Re-focus Attention with Loneliness Busters!

Hi and welcome back to Attention-ology for K – 5 Teachers!

When you welcome students back at the beginning of a new school year, after a vacation, or following an extended time away from class due to any reason, including natural or man-made disasters, you have an opportunity to catch and keep kids’ attention by introducing what I call loneliness busters.

Let’s face it…the world can be a scary or lonely place at times. Most adults have developed strategies for managing feelings of loneliness, but many of us still need “a shoulder to lean on” sometimes. Experienced educators know that children are less skilled at dealing with negative feelings. They benefit from guidance we can offer, including the admission that we sometimes feel lonely too. Loneliness knows no age limit.

When teachers creatively break through the barrier that negative feelings, like loneliness, can create between adults and children, we create communication lines that can help students gain a more positive sense of themselves and the world around them. In the process, teachers help children re-focus on learning in school so that they can be successful.

It’s usually – not always, but usually – easy to spot kids who are struggling with difficult feelings – shyness, loneliness, anger, frustration. I’ve had success with a loneliness buster that helps students in grades 3 – 5 get past bad feelings by writing about them. I invite them to write on a computer, like the student in my blog pic below, when one is available, or with pencil and paper.

Focused writing helps students

To introduce this activity I read a poem about loneliness that I’ve written (see below) and I read it aloud as a surprise – almost always on a day when my students seem a bit downhearted or more distracted than usual.

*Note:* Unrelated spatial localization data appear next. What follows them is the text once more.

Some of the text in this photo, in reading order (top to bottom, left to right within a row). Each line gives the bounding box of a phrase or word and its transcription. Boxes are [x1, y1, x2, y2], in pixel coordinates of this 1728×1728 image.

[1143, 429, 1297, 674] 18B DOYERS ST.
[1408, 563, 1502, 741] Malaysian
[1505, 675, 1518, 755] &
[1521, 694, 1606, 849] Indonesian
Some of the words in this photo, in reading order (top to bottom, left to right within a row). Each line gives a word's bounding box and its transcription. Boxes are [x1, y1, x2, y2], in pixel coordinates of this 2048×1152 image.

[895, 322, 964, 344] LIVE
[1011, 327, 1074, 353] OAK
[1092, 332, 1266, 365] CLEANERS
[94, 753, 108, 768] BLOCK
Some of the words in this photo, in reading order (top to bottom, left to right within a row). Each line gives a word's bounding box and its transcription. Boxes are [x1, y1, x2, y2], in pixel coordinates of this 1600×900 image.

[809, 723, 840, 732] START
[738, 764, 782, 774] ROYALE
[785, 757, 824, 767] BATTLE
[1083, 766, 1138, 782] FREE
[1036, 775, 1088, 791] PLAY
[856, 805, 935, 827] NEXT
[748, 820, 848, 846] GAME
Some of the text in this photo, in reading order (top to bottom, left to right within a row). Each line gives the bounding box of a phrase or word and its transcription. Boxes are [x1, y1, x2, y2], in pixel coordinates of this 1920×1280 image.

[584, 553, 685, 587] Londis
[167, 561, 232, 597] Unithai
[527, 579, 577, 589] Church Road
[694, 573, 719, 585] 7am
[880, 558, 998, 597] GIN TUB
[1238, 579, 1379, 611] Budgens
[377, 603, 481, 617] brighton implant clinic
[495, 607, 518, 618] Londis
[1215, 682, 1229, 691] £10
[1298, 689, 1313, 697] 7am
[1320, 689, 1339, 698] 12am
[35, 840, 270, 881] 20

When I introduce this poem I tell the class that the title asks a question. We talk for a minute or two about why questions attract attention. Everyone knows the answer…a question needs an answer – that’s why! Then I ask them to listen for the question and think about their answer to it as they hear my poem…

Am I The ONLY One?

Am I the only one

Who sometimes feels lonely?


You feel lonely, too?

You do?

Then, that makes two who feel blue.

It’s not always easy to say

What makes me feel this way.

What exactly spoils your day?

People who don’t seem to care?

People too busy to stop and see

How lonely you may be?

At least now I know

That I am not the only one

Who feels I miss out

On some of the fun.

Thanks for telling me

That I’m not the only one.

Maybe it will help

For us to learn

How to better share what we feel.


Finding ways to be happier,

Now, that’s a BIG deal!

After I finish reading Am I The ONLY One? aloud I offer the class a choice...we can talk more together to see what answers students have to the title question (strictly on a voluntary basis – I never force students to share personal feelings in front of the class) or we can “climb into our private, quiet zones” and write individual poems about loneliness to share later.

At the close of class, I challenge the students to think of loneliness busters in addition to writing and to – what else – write them down!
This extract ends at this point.